Taliban Regaining Influence, Report Warns

by Jim Lobe

LONDON - The Taliban are beginning to regain influence in the south of Afghanistan, according to an independent group actively engaged in local work in the region.

They are also increasingly confronting government and coalition troops inside Afghanistan, says the report by The Senlis Council, which is working closely with people, particularly farmers, across the country.

"What we are witnessing for the past few months is a rise in the level of the attacks of the insurgents and the Taliban and a sophistication in the terror techniques used," Emmanuel Reinert, executive director of The Senlis Council told IPS Tuesday.

"What our latest report shows is that the perception of the local people has changed too," Reinert said. "And they now see the Taliban as acceptable. So actually the Taliban are about to win the battle for the hearts and minds of the local population."

And the Taliban are now better organized, he said. "We're talking about attacks being conducted every day. We're talking about a rise in suicide bombings, from five in 2004 to 21 in just the first semester of 2006. We're talking of a sophistication of terror techniques used, for example in the explosive devices used. So there is definitely a change in the way the insurgents are organizing their operations."

The Taliban could be gaining in strength with support from the Pakistan side across the border, Reinert said.

"What is sure is that the Taliban and other groups are regrouping on the borders, in Pakistan where they find safe haven and where they can organize attacks on the Kabul government forces in Helmand and Kandahar."

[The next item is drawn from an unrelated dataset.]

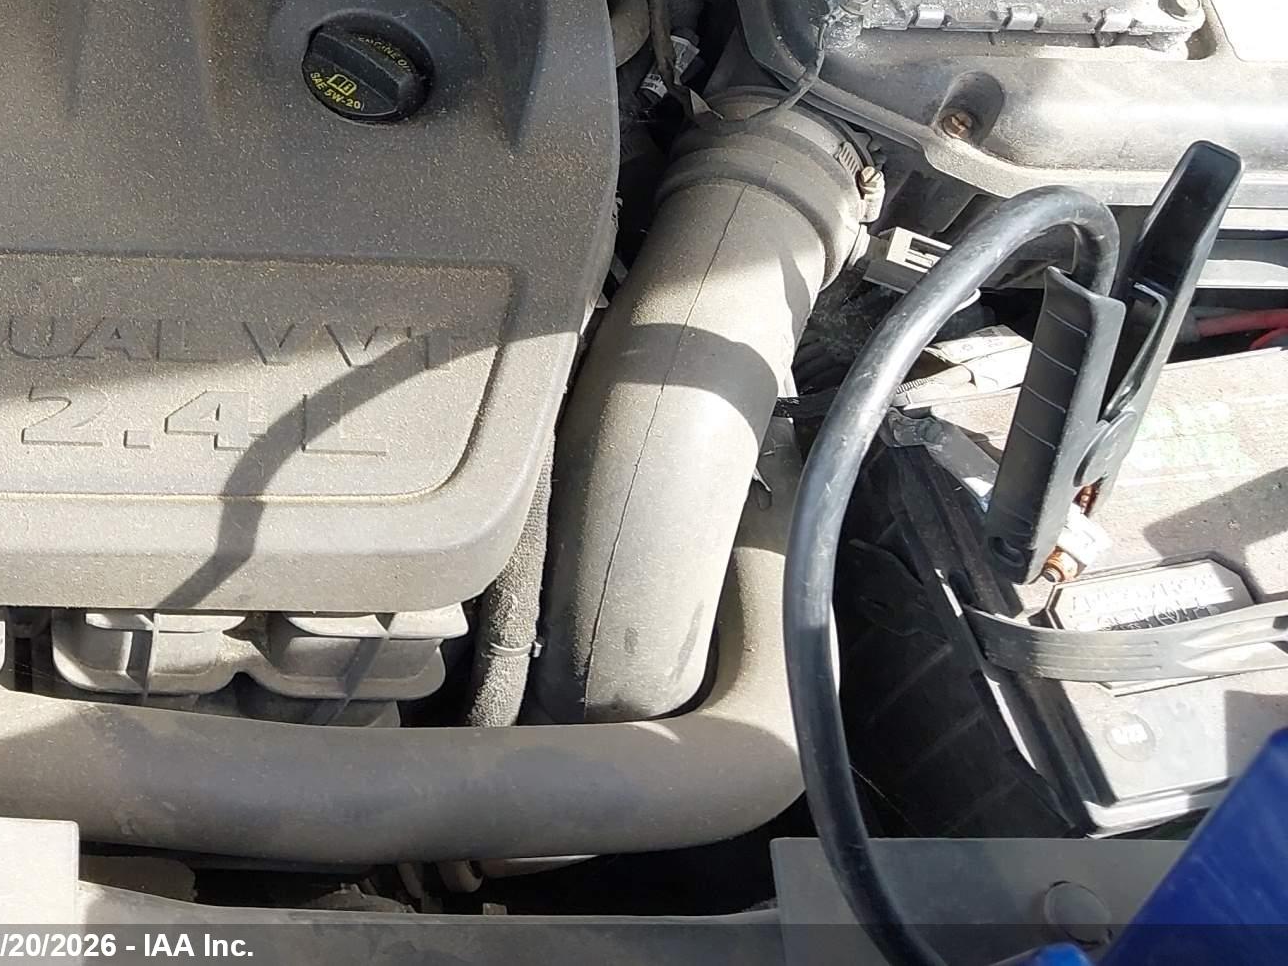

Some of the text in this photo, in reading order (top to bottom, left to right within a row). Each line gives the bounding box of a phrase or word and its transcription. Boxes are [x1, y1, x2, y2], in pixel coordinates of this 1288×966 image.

[310, 72, 361, 110] SAE 5W-20
[242, 318, 473, 371] VVT

In this situation British troops being sent into the south of Afghanistan to replace U.S. troops in Helmand district have a tough task ahead of them, Reinert told media representatives earlier. "According to our report, about 80 percent of the population in Helmand supports the Taliban. The British troops will need to regain control, and for this they will need a different approach. That approach will have to be to listen to people and their needs."

"The aggressive military intervention so far by U.S. troops and their supporters has meant that the coalition forces have lost the support of the local people," Reinert said. And people have gained little from the occupation, he said. "So much was promised, and so little has been delivered."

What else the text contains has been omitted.